## [Given records]
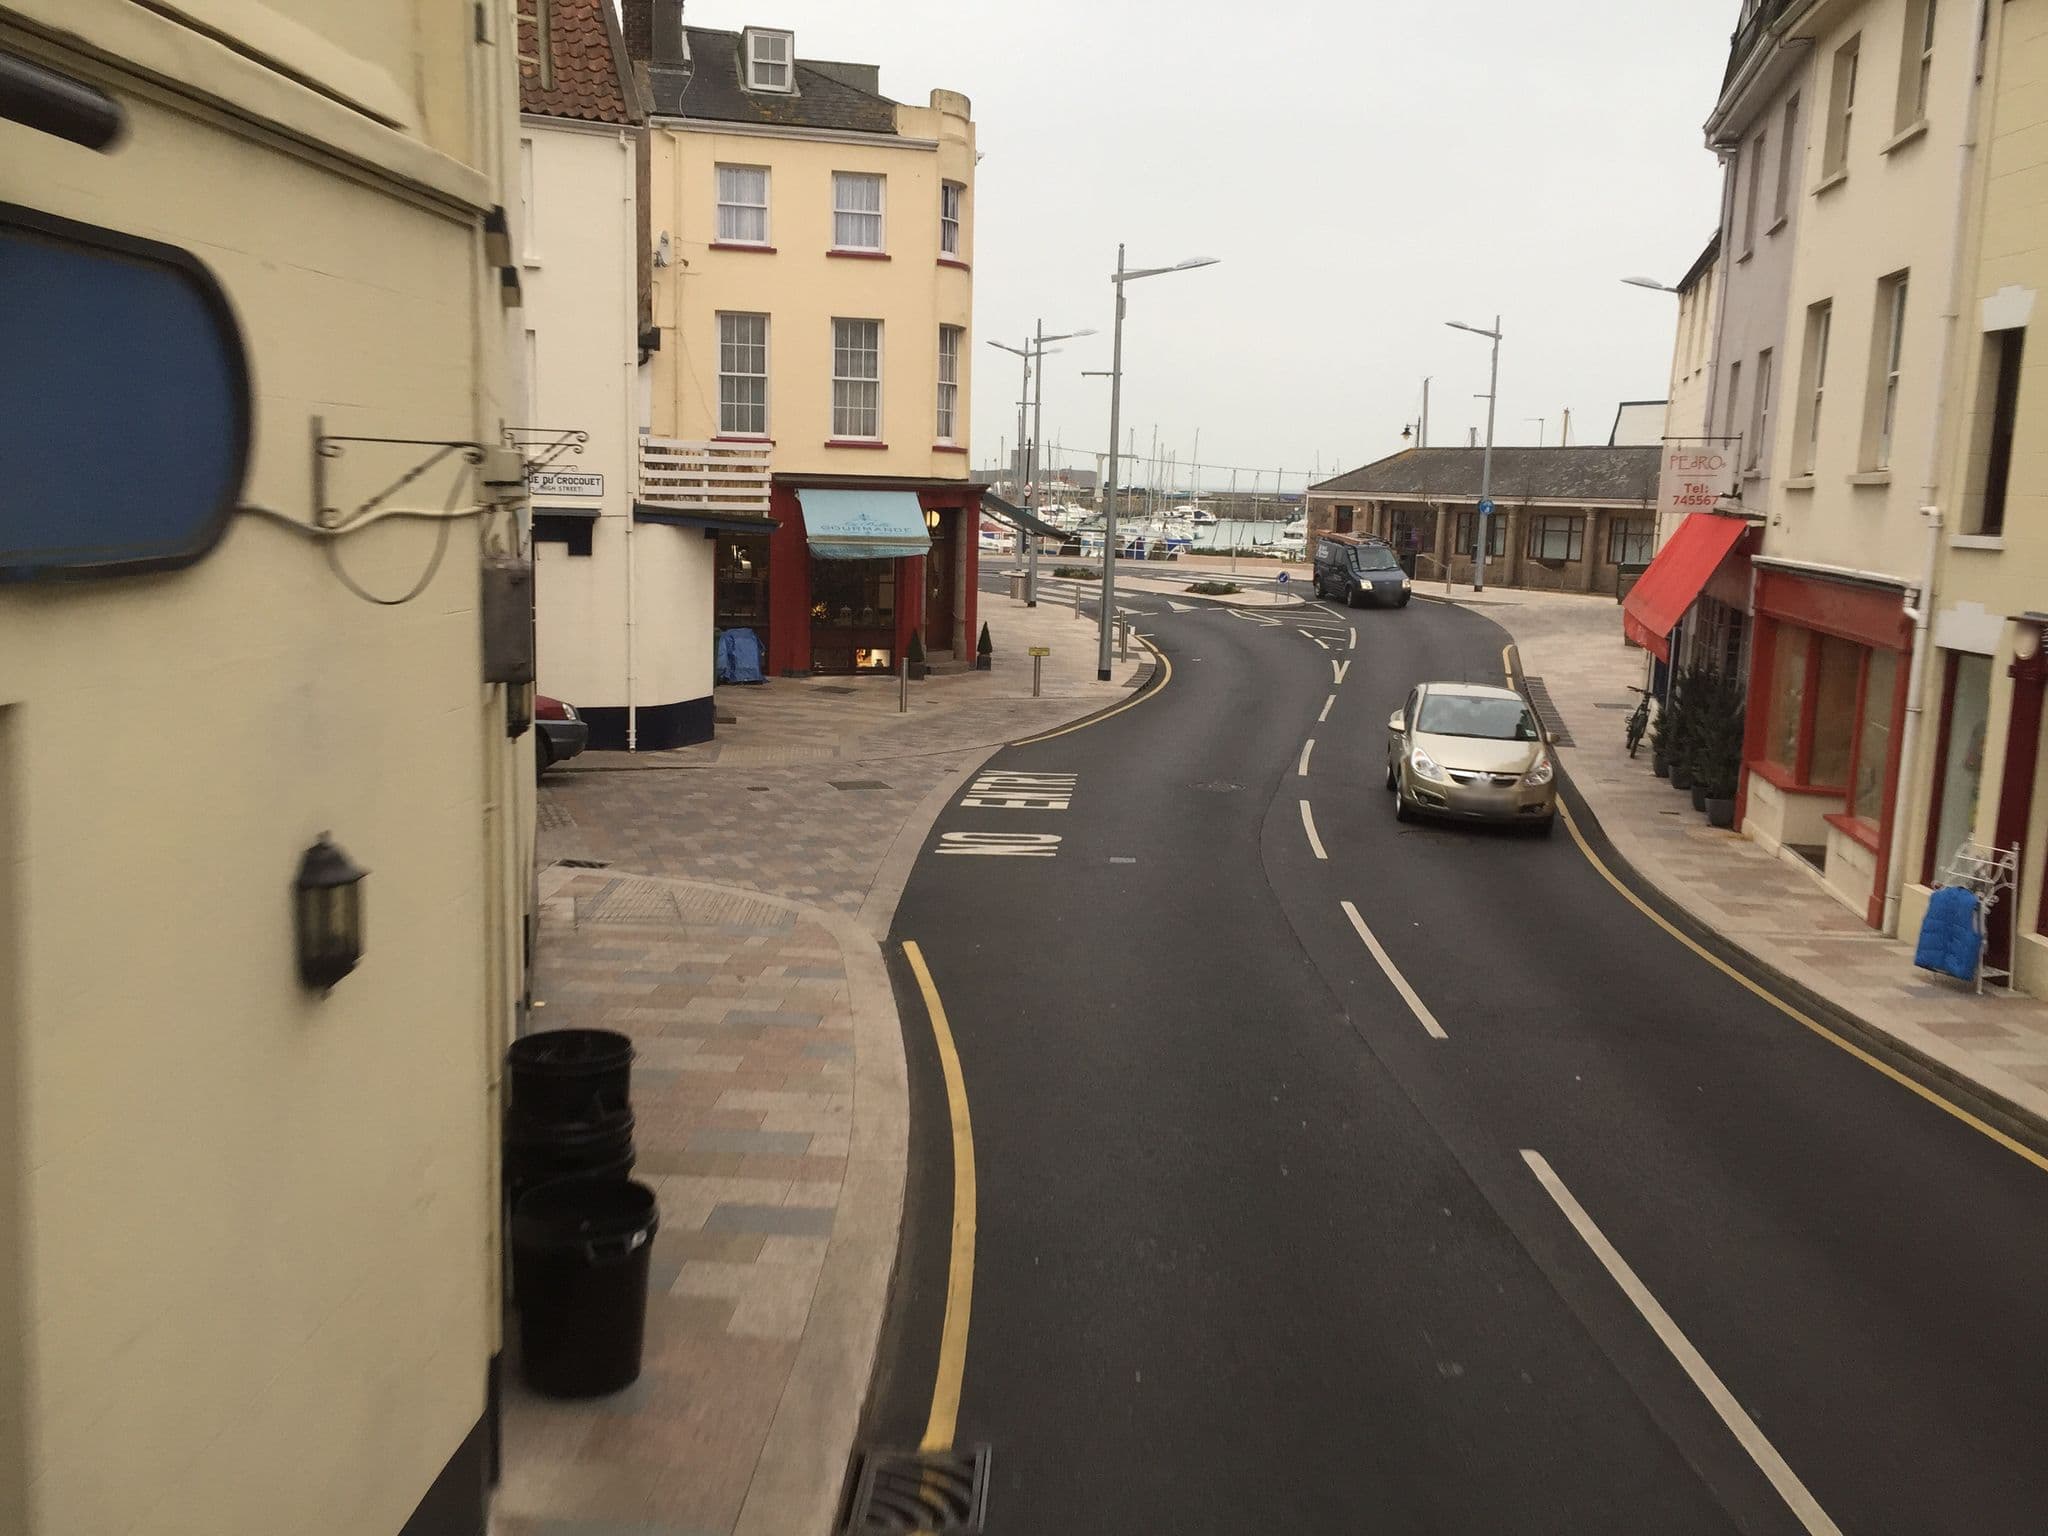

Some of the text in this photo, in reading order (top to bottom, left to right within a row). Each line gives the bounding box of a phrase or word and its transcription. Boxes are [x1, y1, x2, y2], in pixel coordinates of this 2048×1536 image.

[543, 476, 553, 485] DU
[556, 477, 600, 486] CROCQUET
[1684, 483, 1709, 494] Tel:
[1673, 495, 1719, 506] 745567
[935, 770, 1079, 857] NO ENTRY

## [What needs to be done]
Print the data above in full and exactly as it appears, skipping the pictures.

## [Written response]
Some of the text in this photo, in reading order (top to bottom, left to right within a row). Each line gives the bounding box of a phrase or word and its transcription. Boxes are [x1, y1, x2, y2], in pixel coordinates of this 2048×1536 image.

[543, 476, 553, 485] DU
[556, 477, 600, 486] CROCQUET
[1684, 483, 1709, 494] Tel:
[1673, 495, 1719, 506] 745567
[935, 770, 1079, 857] NO ENTRY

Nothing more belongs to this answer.